Over at City Hall, the City Attorney's Office — which deals with civil suits against the City — wasn't exactly eager to pursue the matter. "We have to consider the cost for the city of taking the case to trial," says City Attorney spokesperson Matt Dorsey, adding that a trial is often not in the city's best interest.
The case didn't go to trial and was officially closed on May 18, 2011, two months after San Francisco settled with Esther Downes for $350,000. She died last June near her home in Hawaii and her surviving relatives declined comment on the lawsuit or Issiah Downes.

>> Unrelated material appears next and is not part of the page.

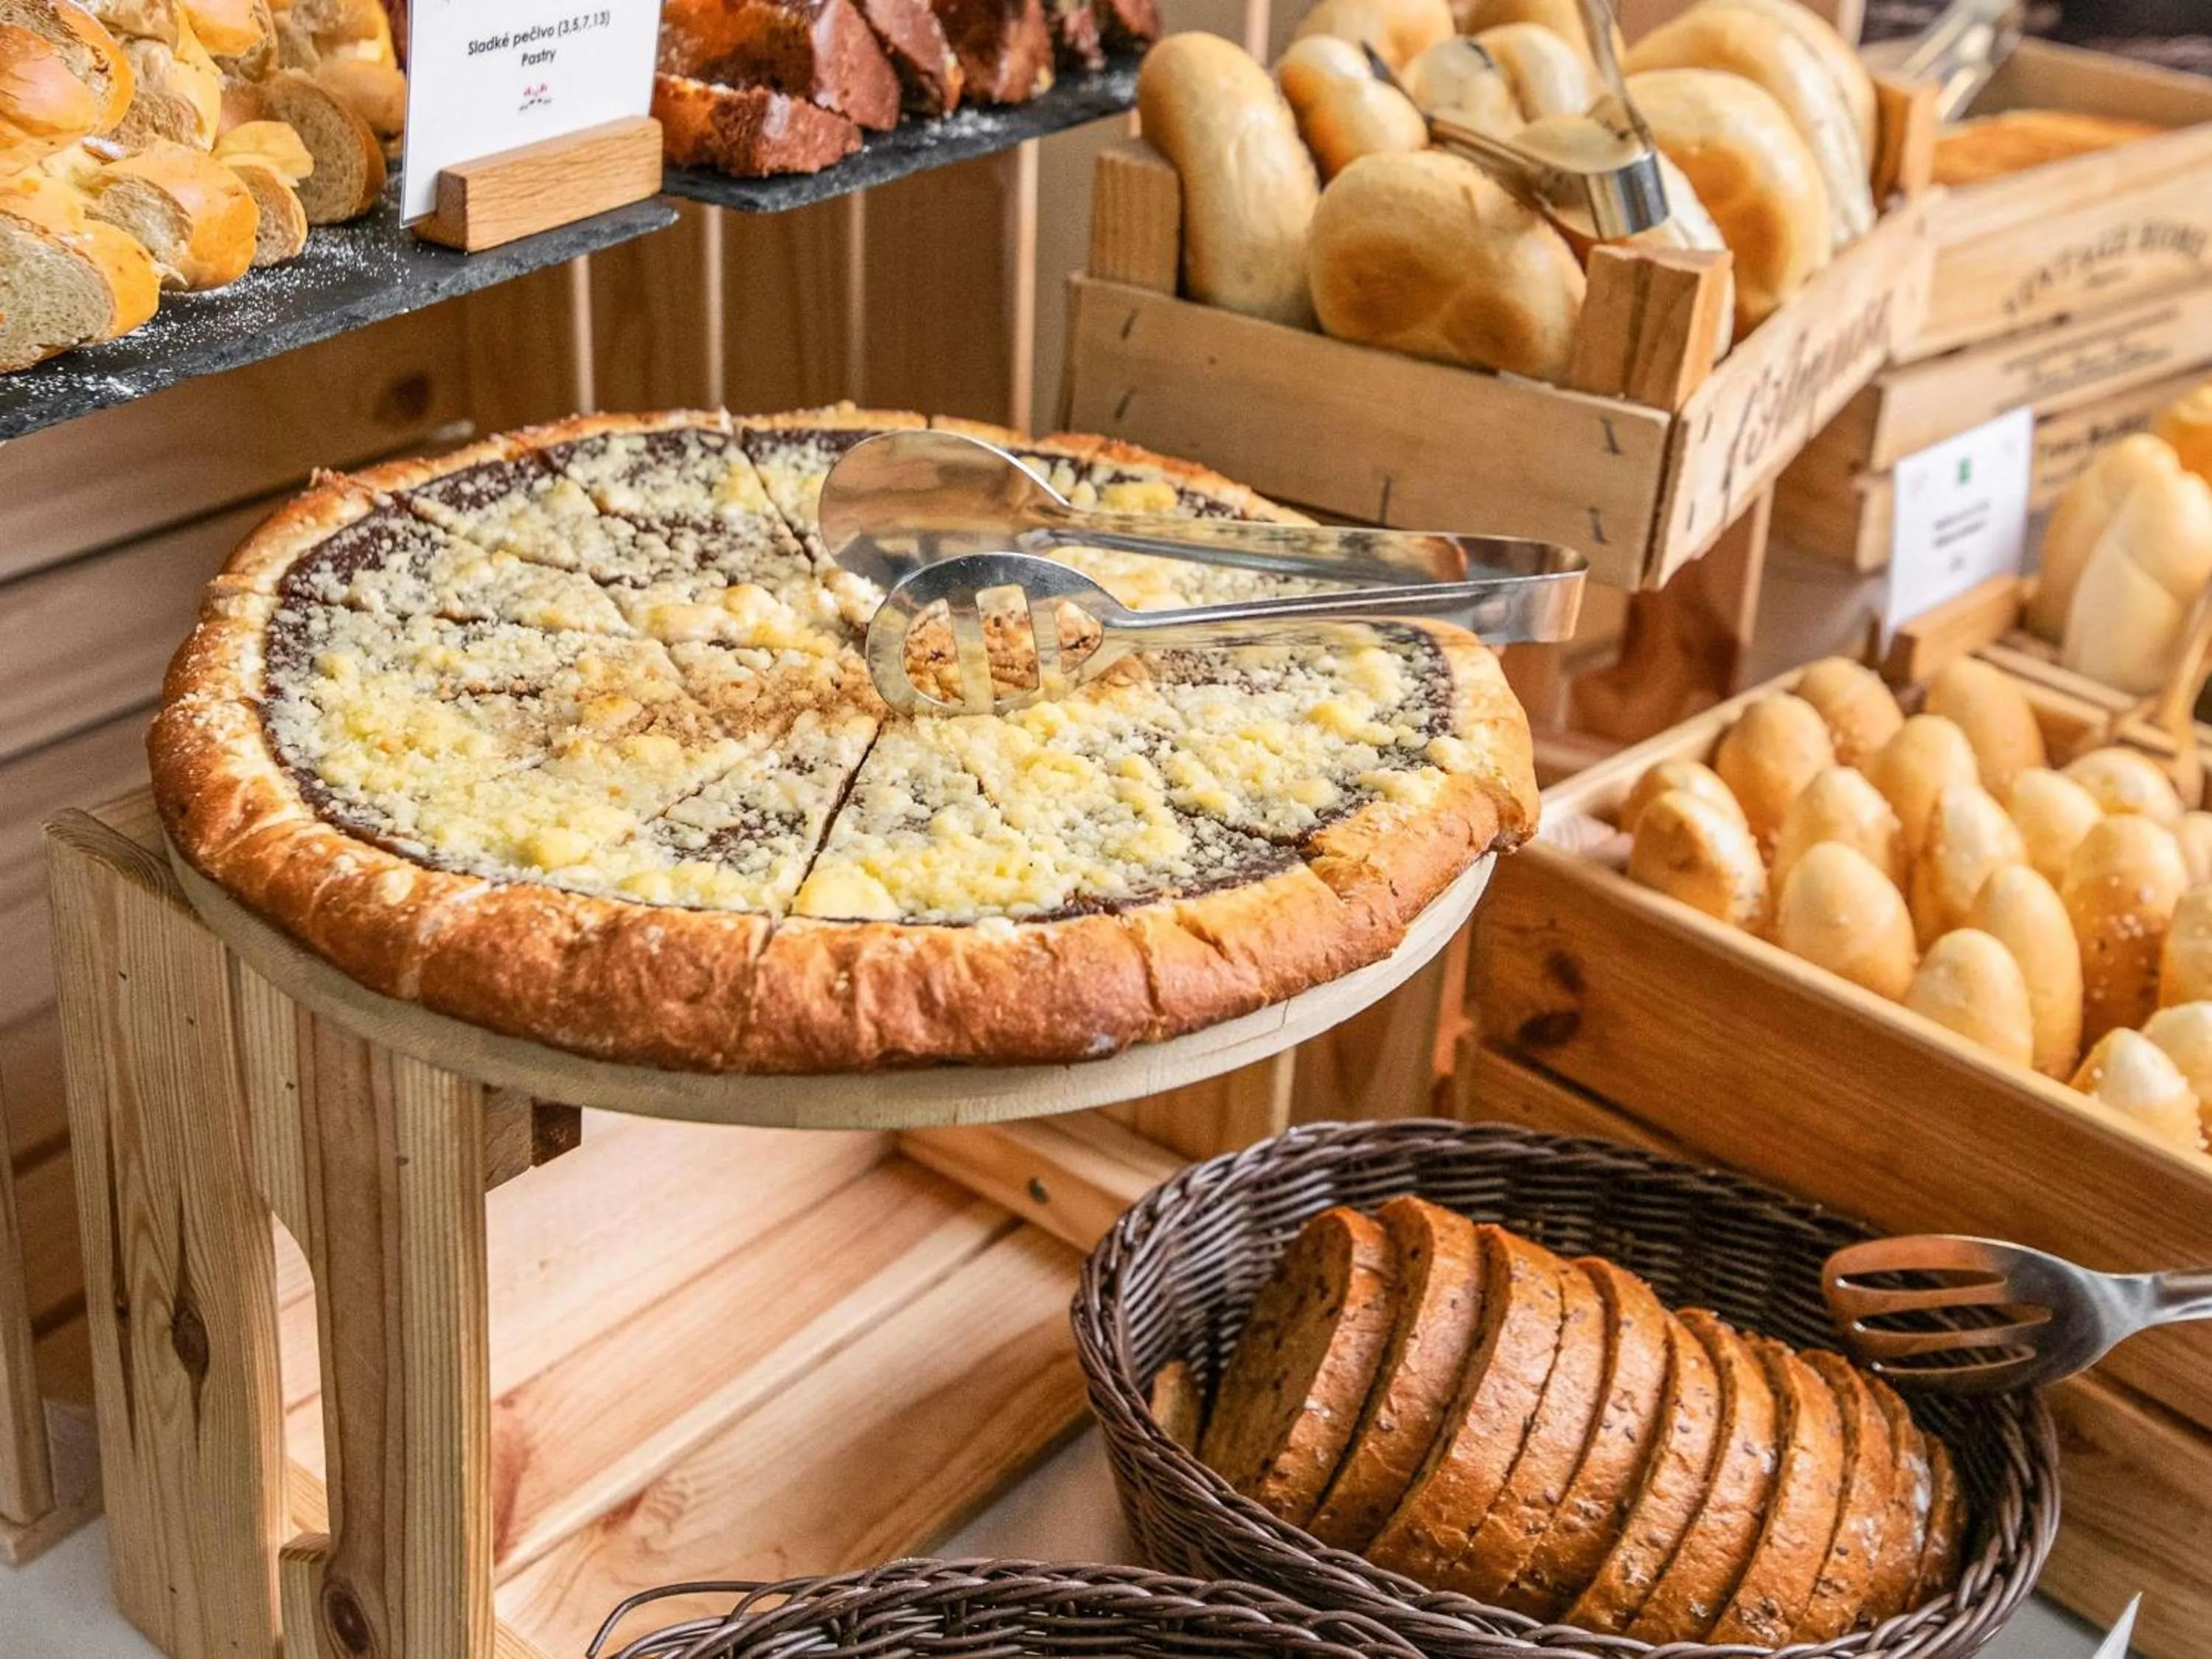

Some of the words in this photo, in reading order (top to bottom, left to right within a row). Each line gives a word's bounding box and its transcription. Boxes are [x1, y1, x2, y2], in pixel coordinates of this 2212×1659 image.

[467, 32, 509, 56] Sladké
[512, 25, 554, 48] pečivo
[521, 48, 557, 66] Pastry

Like many of those who find their way into the judicial system, Downes had personal problems. He was morbidly obese, suffered from schizophrenia, received counseling for suicide (at one point he tried to gouge one of his eyes, leaving him partially blind), and had previous convictions for involuntary manslaughter, robbery, assault with a deadly weapon, and battery of a police officer. Yet he was paying his debts to society and getting help. He was a member of what public officials like to call "society's most vulnerable", which might turn out to be a great understatement if his mother's conspiracy charge and Dennis Damato's story are true.